Transcribe the entries that follow exactly as they appear, minus pictures.

----

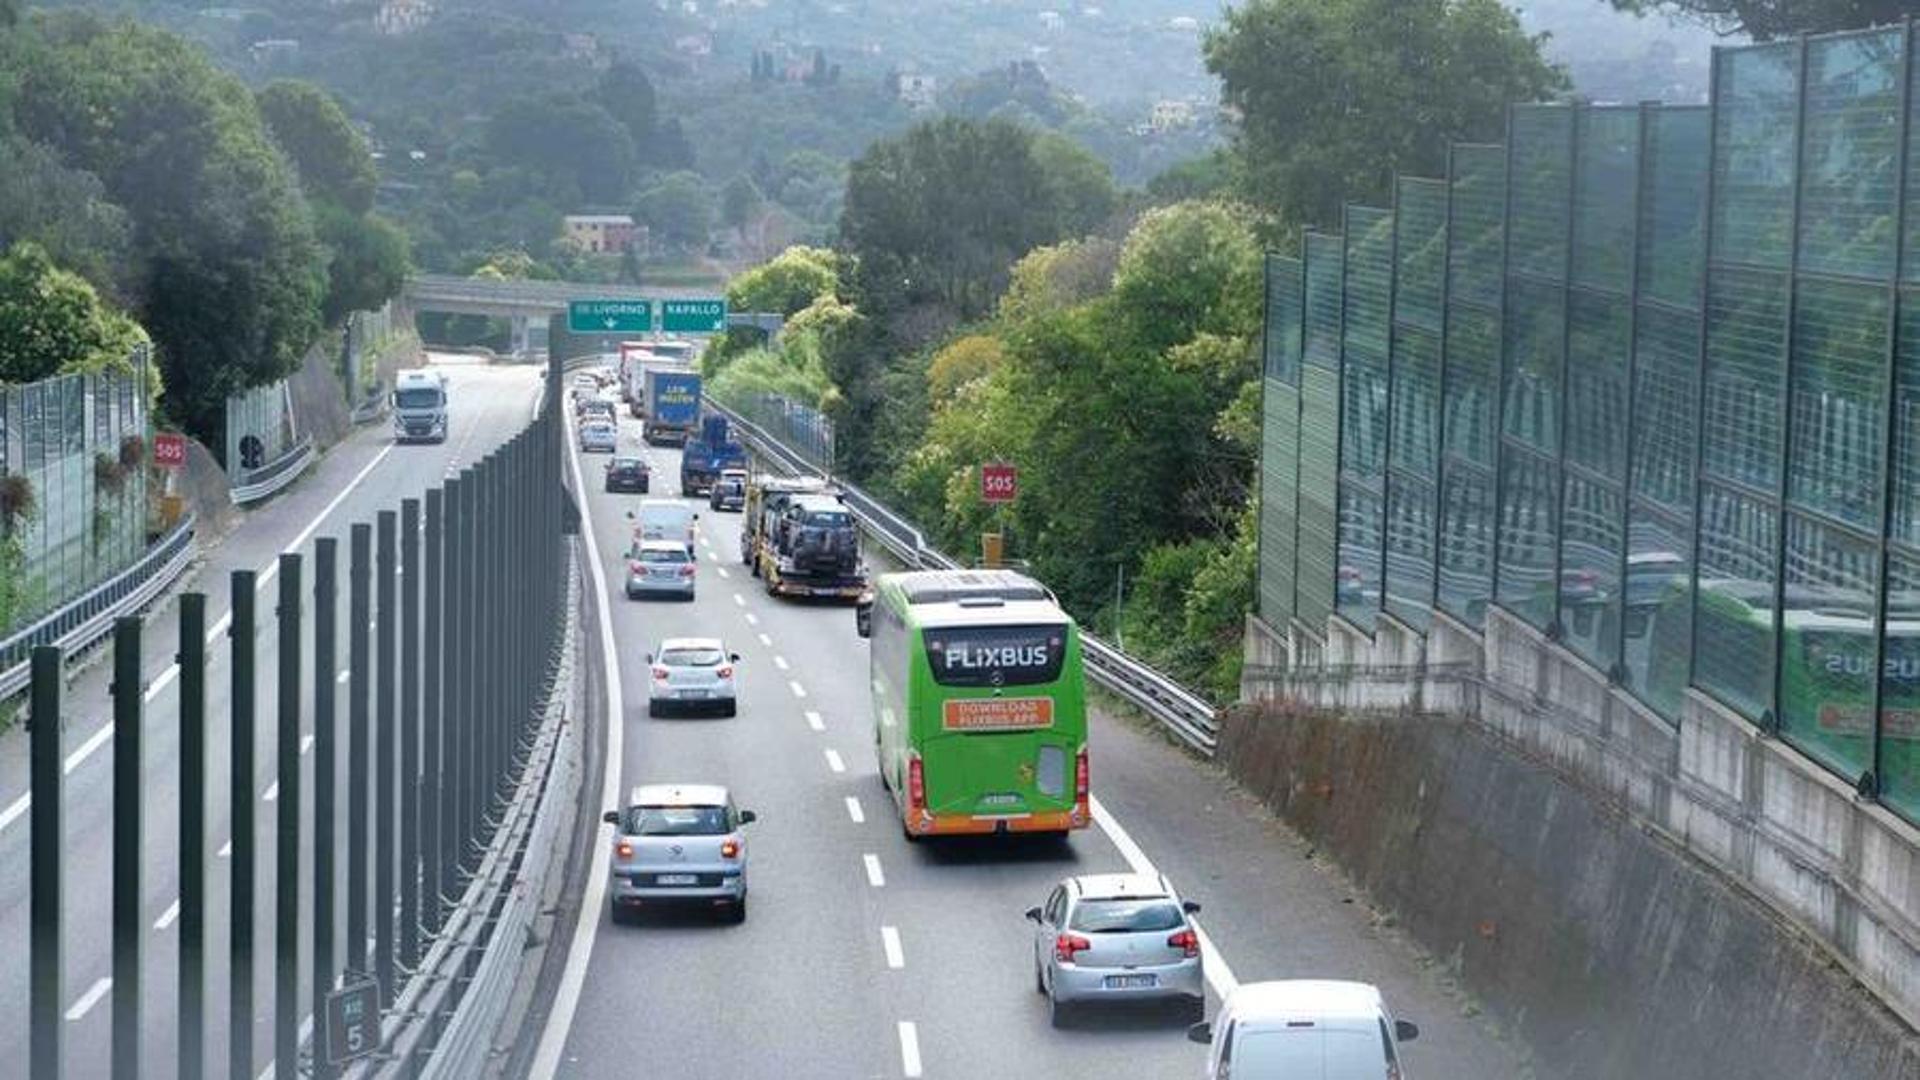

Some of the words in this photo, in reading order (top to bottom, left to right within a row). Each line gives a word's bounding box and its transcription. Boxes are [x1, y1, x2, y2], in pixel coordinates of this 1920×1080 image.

[157, 443, 182, 459] SOS
[986, 476, 1012, 491] SOS
[958, 701, 1038, 714] DOWNLOAD
[1013, 713, 1040, 725] APP
[347, 1024, 362, 1052] 5
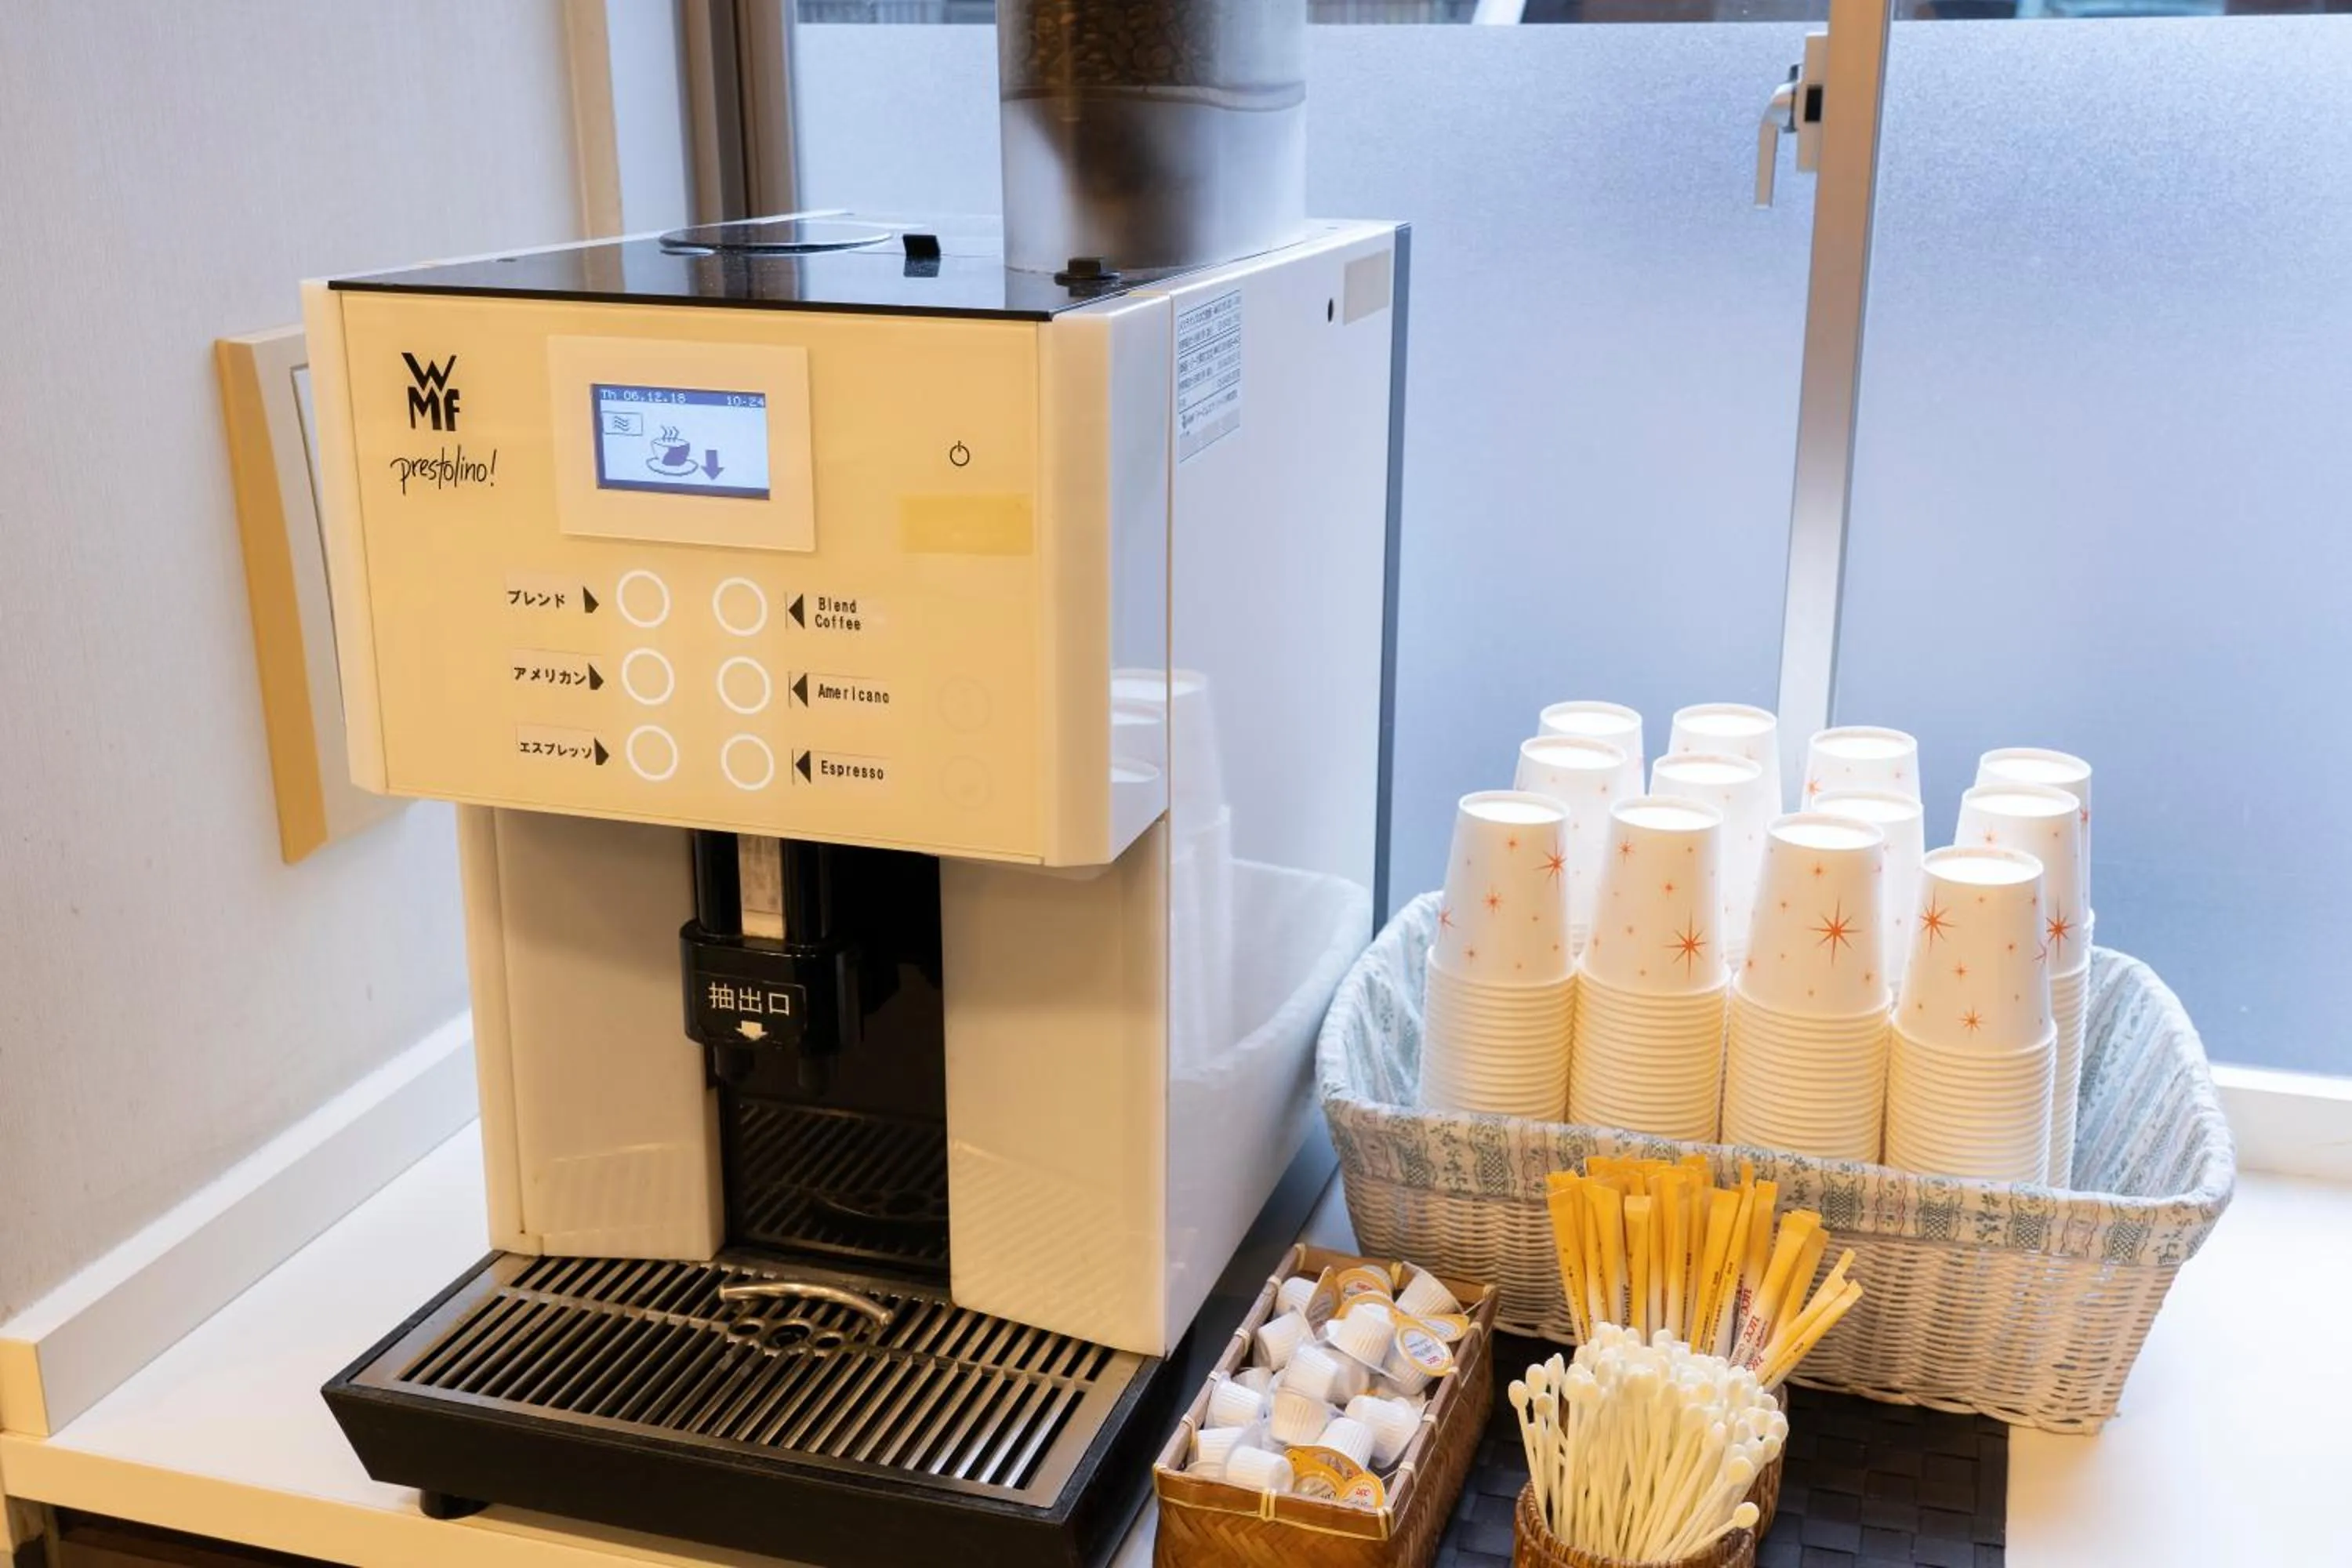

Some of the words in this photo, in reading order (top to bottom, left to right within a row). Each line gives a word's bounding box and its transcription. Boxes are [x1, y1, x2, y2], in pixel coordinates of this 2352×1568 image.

[623, 391, 687, 404] 06.12.18
[390, 444, 498, 496] prestolino!
[507, 590, 566, 609] ブレンド
[818, 597, 857, 613] Blend
[815, 614, 862, 630] Coffee
[514, 666, 587, 686] アメリカン
[817, 683, 891, 704] Americano
[820, 760, 884, 780] Espresso
[709, 981, 790, 1016] 抽出口
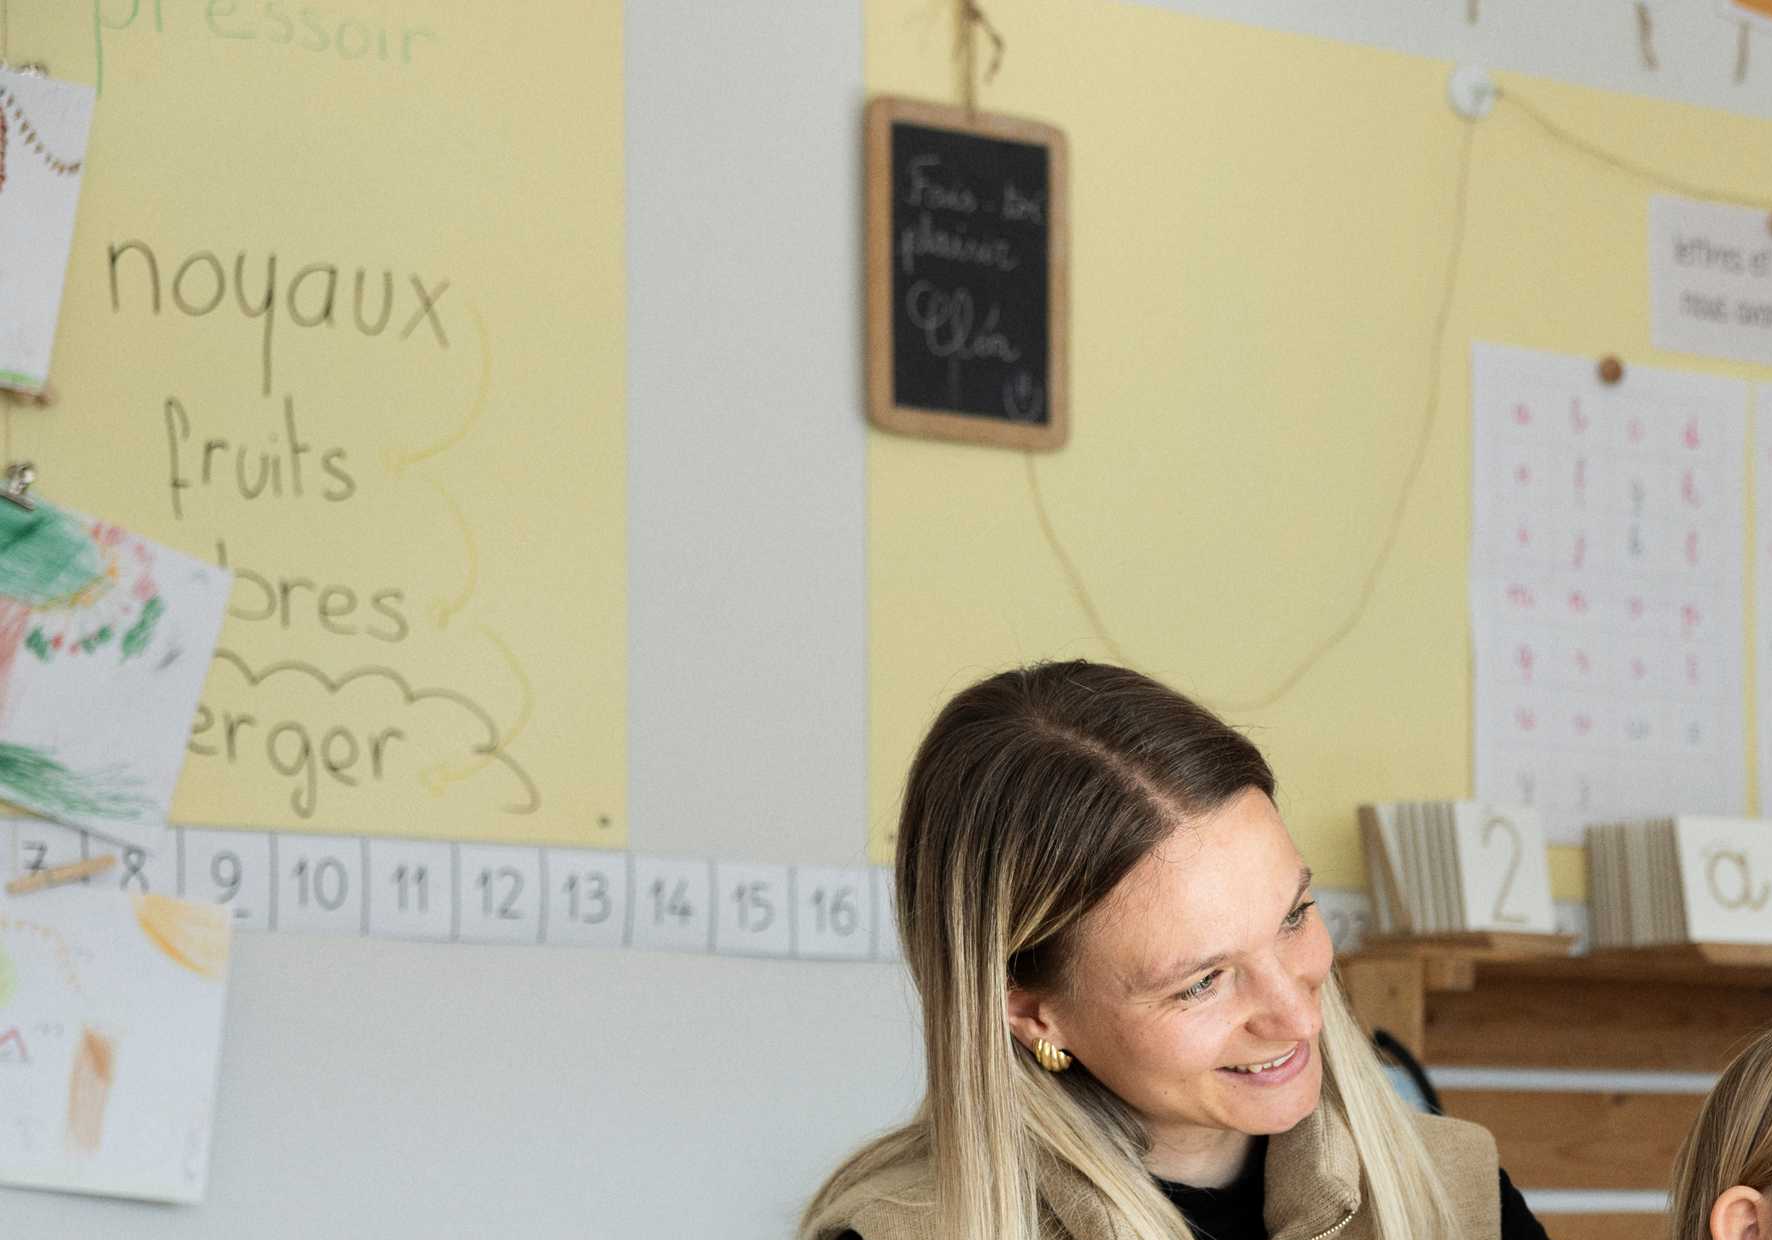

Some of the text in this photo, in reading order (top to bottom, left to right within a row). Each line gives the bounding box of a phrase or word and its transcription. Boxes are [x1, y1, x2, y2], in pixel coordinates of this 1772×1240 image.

----

§ Final answer
Some of the words in this photo, in reading order (top to bottom, left to right within a row). Each line gives a word's bounding box and its transcription. Boxes are [x1, y1, x2, y2], in pixel coordinates of this 1920×1080 image.

[157, 443, 182, 459] SOS
[986, 476, 1012, 491] SOS
[958, 701, 1038, 714] DOWNLOAD
[1013, 713, 1040, 725] APP
[347, 1024, 362, 1052] 5

Some of the words in this photo, in reading order (top to bottom, left to right within a row). Each line gives a word's bounding box and its transcription. Boxes are [x1, y1, x2, y2], in pixel coordinates of this 2352×1568 image.

[623, 391, 687, 404] 06.12.18
[390, 444, 498, 496] prestolino!
[507, 590, 566, 609] ブレンド
[818, 597, 857, 613] Blend
[815, 614, 862, 630] Coffee
[514, 666, 587, 686] アメリカン
[817, 683, 891, 704] Americano
[820, 760, 884, 780] Espresso
[709, 981, 790, 1016] 抽出口

Some of the text in this photo, in reading order (top to bottom, left to right within a row). Each line gives the bounding box of a phrase or word and its transcription. Boxes are [x1, y1, x2, y2], in pixel coordinates of this 1772×1240 image.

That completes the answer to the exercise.